But, it’s not the end of the world. Everything else (including the sandwich) had been planned for, so it’s not like I blew a big wad o’ dough on a pair of shoes. Of course, if I’d done that, I’d still have the shoes tomorrow. But I couldn’t DRINK them, so there.  And thank the flying spaghetti monster I’m not one of those girly-girls who gets giddy about clothes and shoe shopping. Carrie Bradshaw I am not. Plus, when you figure I haven’t seen a movie at a theater in about 4 years, I don’t go to bars or clubs, and rarely eat at a sit-down restaurant, drinking cheap beer a few times in one week isn’t so bad. Ya think I’ve justified this one enough?

In other news, I called the temp agency this morning and asked my rep to try and get me a pay increase. She said she’d work on it and let me know. No message back tonight, so I don’t know if she’s called them about it yet or not. And, the manager of the office I clean called me (right before I picked up the phone to call the agency) to apologize for it being a bit more of a mess over there since they’re working on consolidating offices. She did mention that since I’ll be cleaning up after 3 new folks, we can renegotiate my pay if it winds up taking me longer to clean. I figure it will take a little more time with more furniture and pictures to dust, plus 3 more trash cans to empty, so I’ll probably try to eek out another $10 a cleaning if possible. Plus, I’m guessing the kitchen will get a little messier too. My estimate was a bit on the low side to begin with, so an even $50/cleaning will be a nice compromise I think…which, my fellow math whizzes, will be an extra $40 a month. Which is practically a million to me at this point.

As I was taking a smoke break today, I was thinking I really need to try to get a long-range financial plan together. Like I said in my previous post, it’s very hard to see past each week. So much up in the air. So many factors to consider. One thing I know is that borrowing from this cash advance place has got to stop soon. My feeling is “once I get caught up enough…” but there’s always a setback (i.e. my recent illness) or another debt I’ve put off that needs to be paid (i.e. 3 months to the IRS). Of course, I have had some rather unexpected turns of good luck, like landing this cleaning gig and that contract work, selling some bigger items via CL, etc.

One thing I’ve yet discussed is my credit card situation. I used to have 3 (two major ones, and one for an electronics retailer). Long story, but the bottom line is that several months before I was downsized as a legal assistant (fall of ’08), the minimum payments on the 2 major ones got to be too much for me to handle.
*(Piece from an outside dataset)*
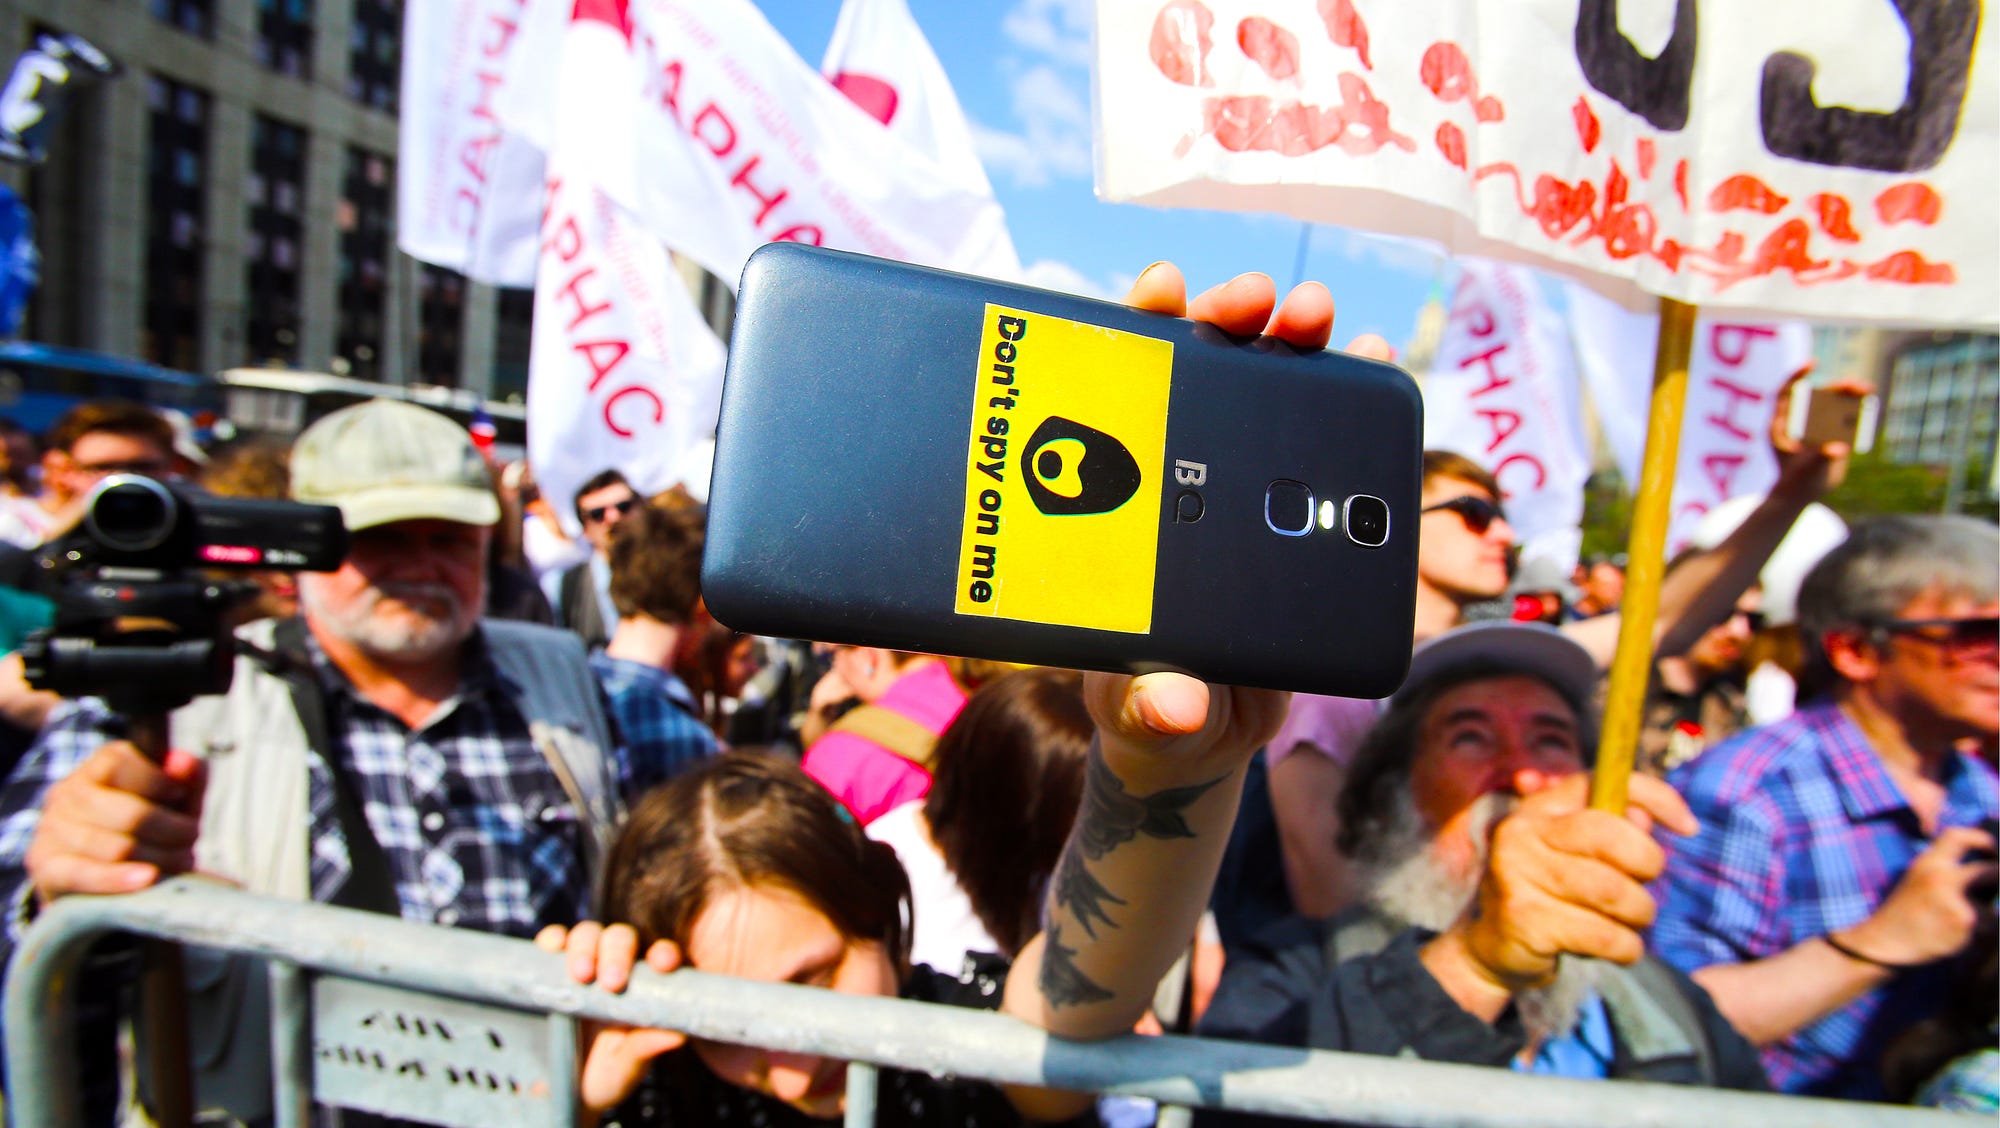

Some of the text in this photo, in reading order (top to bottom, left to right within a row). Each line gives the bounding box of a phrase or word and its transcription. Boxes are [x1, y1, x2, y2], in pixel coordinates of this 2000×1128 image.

[969, 314, 1027, 603] Don't spy on me
[1174, 458, 1207, 525] BQ
This was before I cut out all my non-essentials like cable, Netflix and Rhapsody. I tried to pay them what I could when I could, but they kept bugging the crap outta me (“yeah, we got that yesterday, but when are you going to pay again?”), and they didn’t seem to even want the $25 or $50 I could send because it wasn’t “enough”. So I decided, I can’t win and stopped paying. Took awhile (oddly), but they finally both came after me with a vengeance via collection agencies: calls, letters, and so far, one lawsuit (which they won by default).

I sought counseling from a bankruptcy lawyer (free 30 minute consultation last fall). He was the one who told me to stop paying on my other card since it will be wiped out with the rest of my debt once I file bankruptcy. So now those fuckers are on my back. He was also the one who told me not to bother trying to stop that default judgement, because the best I could hope for would be maybe a 10 day delay in the court finding for the plaintiff.  Whatever. Only problem is, to get this all settled, I’m looking at about $1,000+ in fees, financial classes and court costs.  It’s so weird to me that you have to pay a chunk of money to officially proclaim you’re broke.  My original plan was to have the money sometime this spring, but obviously, doesn’t look like that will happen.  The nice thing is that I can retain him for as little as a few bucks and he’ll field any collector calls, but since it will be months and months before I can come up with additional money to add to my “bankruptcy layaway” (as he termed it), I didn’t really see the point. I just turned off my ringer and screened all my calls over the last few months. Fortunately, most of them have stopped now.

From what I understand, they will try to find out where I’m working to garnish my wages, and because I was unemployed there for a while, it may have been tougher for them to track me down.  I suppose any day they’ll figure it out, but I’ll cross that bridge when I come to it.  My priority now is to keep the roof over my head and the utilities turned on. If I have to gear up the bankruptcy express, then that’s what I’ll do (via means I’d rather not think about right now, like crawling to my asshead brother).

I never thought I’d be in the position to be dodging creditors. It happened to my parents years ago and I vowed I would never get into the same mess. Plus, it makes me feel plain shitty for not paying off the debt I racked up. If, for some bizarre reason, I find myself drowning in a vat of money, I’ll pay every cent off in a heartbeat. Of course, my credit would still be a wreck, but at least I wouldn’t feel bad anymore. And if I had the money to at least get back to a “reasonable” payback schedule, I’d do that too. But it’s too late.  They want it all. NOW. Bastards.  No, I take that back. It’s my fault. I just wish they weren’t so…unpleasant about it, especially in this economy.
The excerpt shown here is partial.